Despite the popularity of the game, he maintained that it was designed to work with additional

pedagogical techniques rather than as an independent classroom exercise. In the user manual,

Rawitsch wrote:

The OREGON simulation was not designed to simply stand alone as a classroom activity,

a game of “beat the computer.” Nor was it intended to be the focal point of a historical unit.

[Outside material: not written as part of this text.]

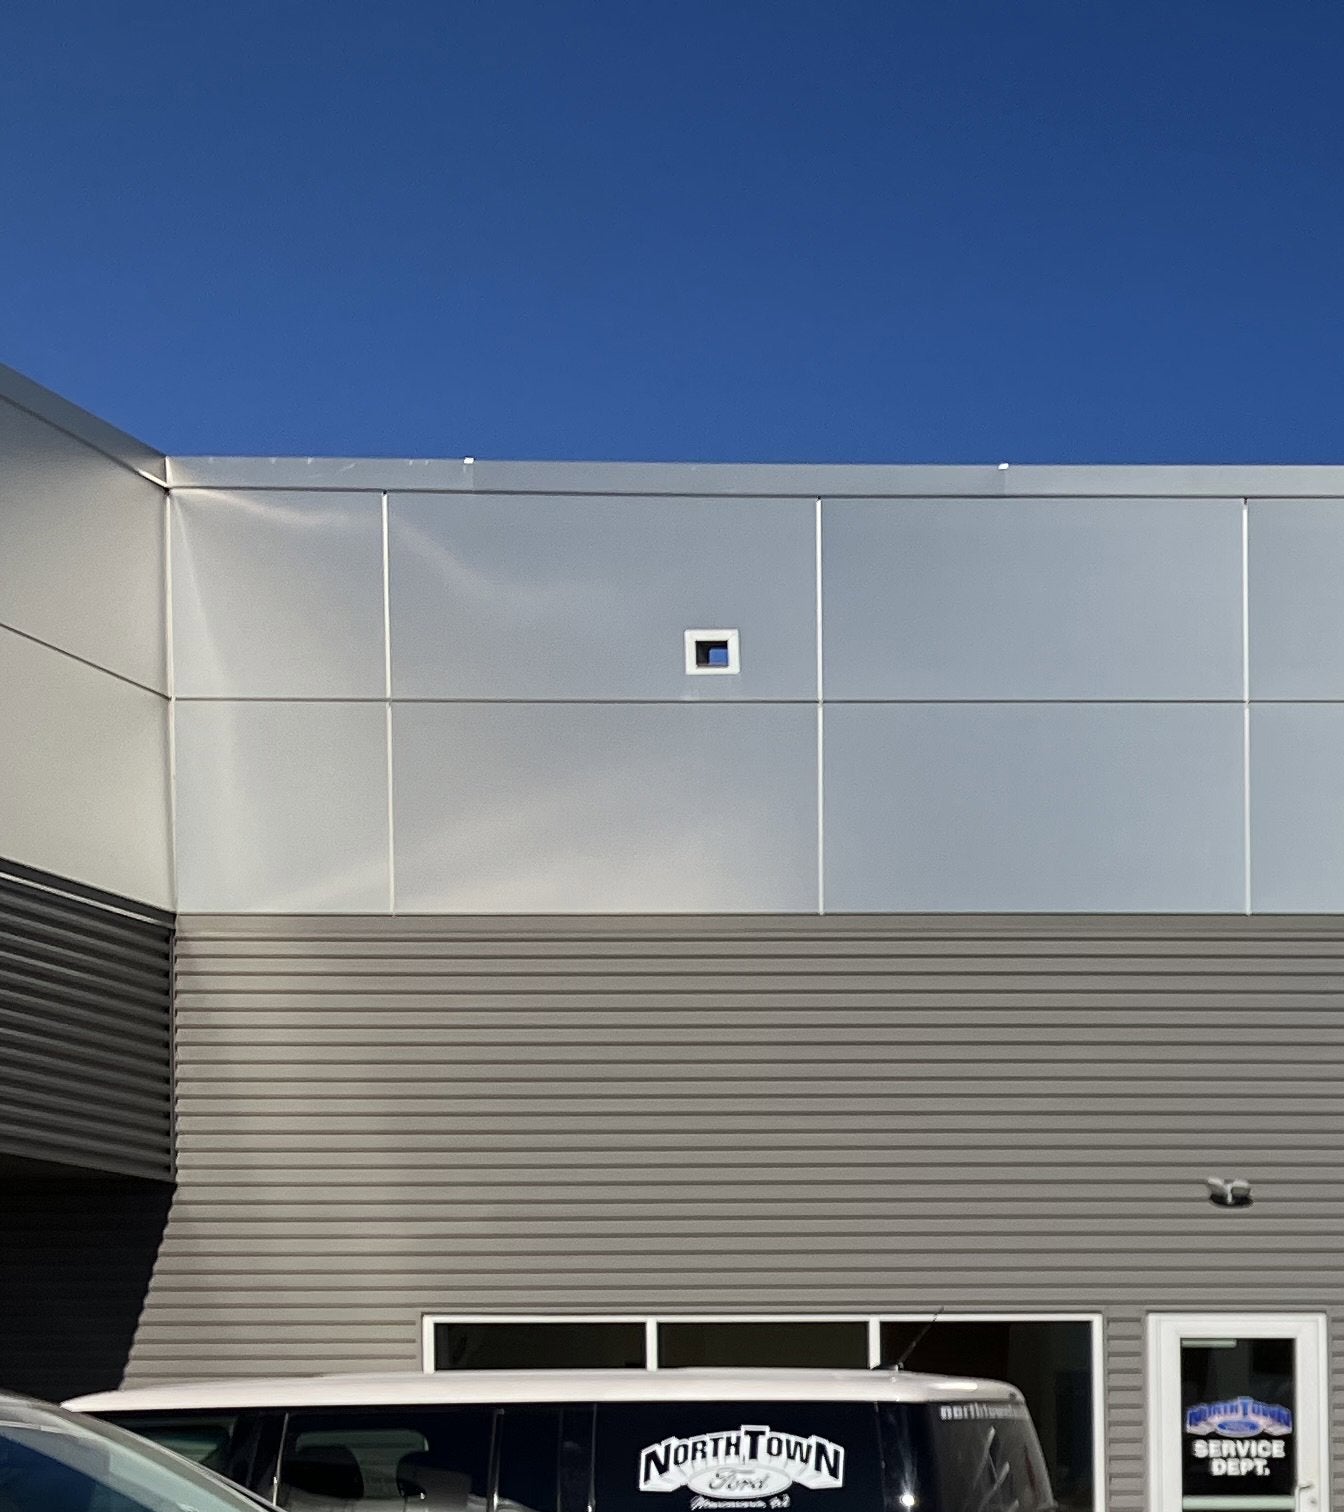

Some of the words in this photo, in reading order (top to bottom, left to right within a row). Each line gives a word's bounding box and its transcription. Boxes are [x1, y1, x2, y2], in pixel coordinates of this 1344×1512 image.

It is assumed that the study of the Oregon Trail in a class is used as a case study of some

larger theme, such as the American westward movement, human emigration in history, or

people’s ventures into the unknown. Within such a theme, the OREGON simulation would

be used as a source of information which provides the student the chance to personally

experience what he has previously read or heard about.30

In his “suggested activities” to go along with the title, Rawitsch recommended giving students

background lectures and documents related to the history of westward migration, including

primary sources. He also suggested students use pioneer diaries as a model for keeping their own

journals about their experiences on the trail. After the in-class playthrough, students could share

their stories with others as a way to develop strategies for playing the game as well as a way for

all students to experience the trail hardships they may have missed because of chance. For a

“synthesis” assignment, Rawitsch recommended talking with the students about “different

impressions one gets from [pioneer] diaries, the simulation, paintings from the late 1880’s, TV and

movies of what it was really like to make the journey.”31 In these recommendations, Rawitsch

hoped teachers would place the game in a larger pedagogical context – using not just the game,

not just a lecture, but a collection of exercises, mediums, and sources.

29 Lussenhop, “Oregon Trail.” 30 MECC collection, “Oregon User Manual.” 31 MECC collection, “Oregon User Manual.”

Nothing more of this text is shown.